Task brief
Every line of the data should be written out exactly, with the pictures left out.

____________

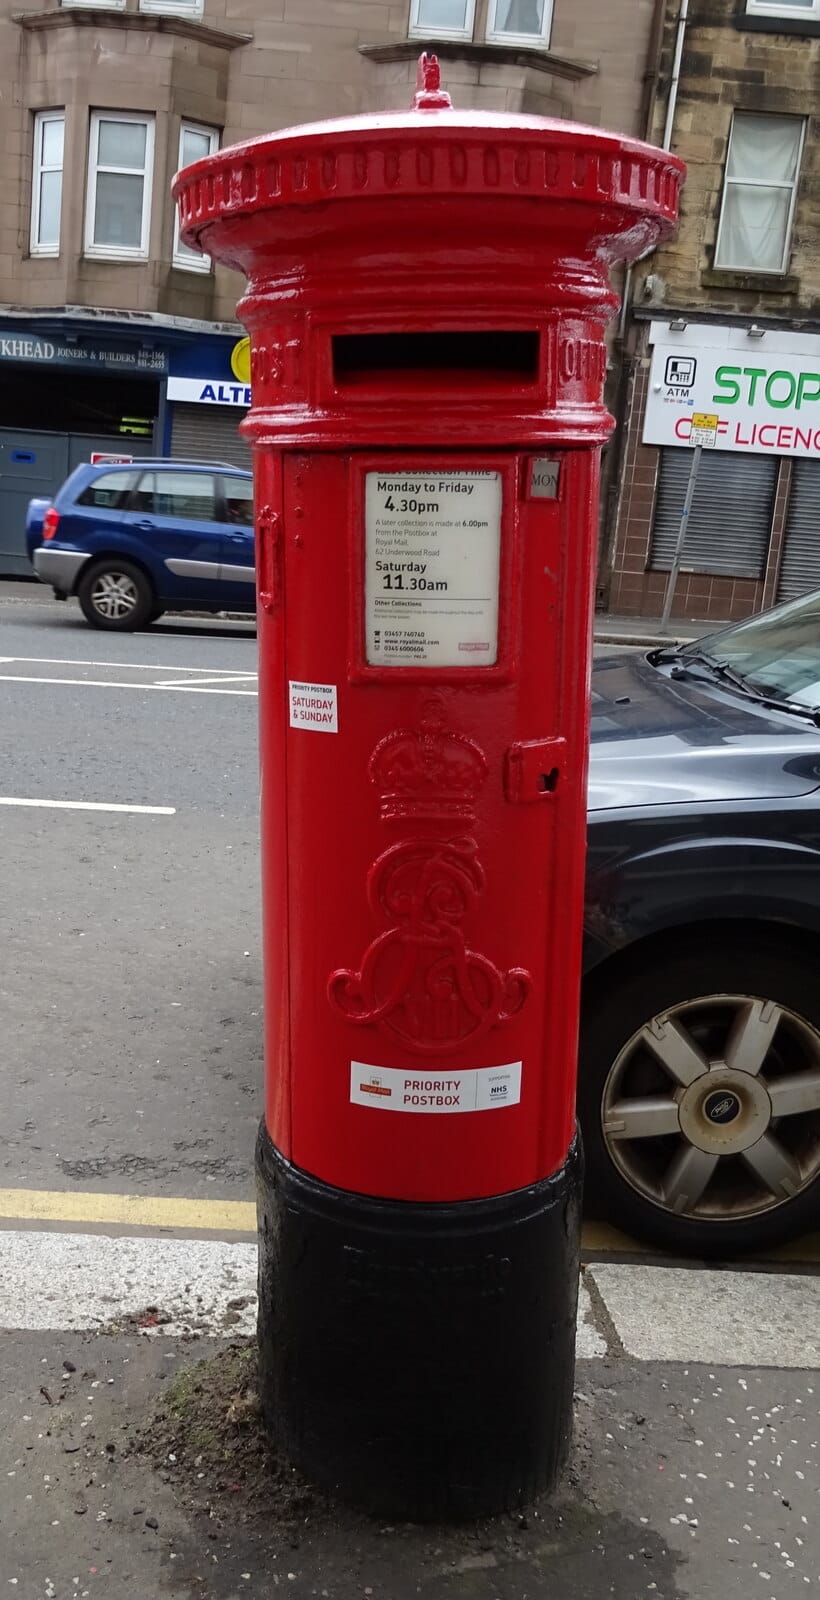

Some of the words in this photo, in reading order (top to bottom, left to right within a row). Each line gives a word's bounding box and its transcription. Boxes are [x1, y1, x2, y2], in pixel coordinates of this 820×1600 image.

[0, 339, 55, 359] KHEAD
[57, 347, 88, 359] JOINERS
[99, 352, 136, 363] BUILDERS
[666, 387, 690, 397] ATM
[377, 481, 421, 494] Monday
[424, 483, 435, 492] to
[439, 482, 474, 495] Friday
[384, 495, 439, 514] 4.30pm
[462, 520, 489, 529] 6.00pm
[393, 529, 403, 537] the
[404, 529, 430, 537] Postbox
[376, 538, 393, 547] Royal
[385, 549, 422, 557] Underwood
[375, 561, 427, 574] Saturday
[383, 574, 448, 591] 11.30am
[392, 600, 422, 608] Collections
[292, 696, 334, 710] SATURDAY
[293, 709, 298, 719] &
[300, 710, 333, 723] SUNDAY
[404, 1079, 461, 1092] PRIORITY
[491, 1085, 508, 1094] NHS
[403, 1095, 460, 1106] POSTBOX

____________

Answer section
Some of the words in this photo, in reading order (top to bottom, left to right within a row). Each line gives a word's bounding box and its transcription. Boxes are [x1, y1, x2, y2], in pixel coordinates of this 820×1600 image.

[0, 339, 55, 359] KHEAD
[57, 347, 88, 359] JOINERS
[99, 352, 136, 363] BUILDERS
[666, 387, 690, 397] ATM
[377, 481, 421, 494] Monday
[424, 483, 435, 492] to
[439, 482, 474, 495] Friday
[384, 495, 439, 514] 4.30pm
[462, 520, 489, 529] 6.00pm
[393, 529, 403, 537] the
[404, 529, 430, 537] Postbox
[376, 538, 393, 547] Royal
[385, 549, 422, 557] Underwood
[375, 561, 427, 574] Saturday
[383, 574, 448, 591] 11.30am
[392, 600, 422, 608] Collections
[292, 696, 334, 710] SATURDAY
[293, 709, 298, 719] &
[300, 710, 333, 723] SUNDAY
[404, 1079, 461, 1092] PRIORITY
[491, 1085, 508, 1094] NHS
[403, 1095, 460, 1106] POSTBOX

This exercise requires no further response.